- 30 min
- 80g unsalted butter, melted
- 1 ¼ cups (190g) plain flour
- 1/3 cup (75g) caster sugar
- 1 tbsp (20ml) lemon juice
- Zest of 1 lemon
- 2 cups (300g) plain flour
- 2 tsp baking powder
- ½ tsp salt
- 120g unsalted butter, softened
- Zest from 2 lemons
- ¾ cup (165g) caster sugar
- 1 tsp Queen Concentrated Vanilla Extract
- 2 large eggs, room temperature
- ½ cup (125ml) buttermilk *see note
- ¼ cup fresh lemon juice (1-2 lemons)
- 1 ½ cups (125g) fresh or frozen blueberries*
- Icing sugar, to dust
Method - Crumble
Place ingredients in a small bowl, mix to combine. Set aside.
Method - Cake
Preheat oven to 180C (fan-forced). Grease and line the base and sides of a 20cm round cake tin.
Combine flour, baking powder and salt in a bowl. Set aside.
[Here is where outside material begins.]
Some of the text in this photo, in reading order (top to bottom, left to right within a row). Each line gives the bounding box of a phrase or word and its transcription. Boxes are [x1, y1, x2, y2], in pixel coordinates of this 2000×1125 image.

In the bowl of a stand mixer fitted with the paddle attachment, combine butter, lemon zest, sugar and Vanilla Bean Paste. Beat for 5 minutes or until light and fluffy. Add eggs one at a time beating until just incorporated.
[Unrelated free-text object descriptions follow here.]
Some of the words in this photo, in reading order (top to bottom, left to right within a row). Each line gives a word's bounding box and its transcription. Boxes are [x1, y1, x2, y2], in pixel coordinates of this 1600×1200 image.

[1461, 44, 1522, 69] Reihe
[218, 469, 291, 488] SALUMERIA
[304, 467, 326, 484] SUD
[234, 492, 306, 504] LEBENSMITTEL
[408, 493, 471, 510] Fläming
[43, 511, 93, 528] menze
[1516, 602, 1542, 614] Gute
Combine buttermilk and lemon juice. Add 1/3 of the flour mixture to the mixer, followed by 1/3 of the buttermilk mixture. Beat until just combined, then repeat with remaining ingredients. Fold through blueberries, then pour mixture into tin, and spread evenly. Top with crumble and bake for 1 hour to 1 hour and 10 minutes or until an inserted skewer comes out with a few moist crumbs. Cool cake in tin for 30 minutes before serving warm with a dusting of icing sugar, or allow to cool completely in tin.
– *If you do not have buttermilk on hand, simply add 1 tbsp of vinegar or lemon juice to full cream milk. Allow to sit for 2 minutes before using.
– Frozen blueberries may increase the cooking time by 10-15 minutes.
– This cake is absolutely beautiful as an apple cinnamon coffee cake, simply sub out the blueberries and lemon with some tinned apples and a couple teaspoons of ground cinnamon in the crumble topping!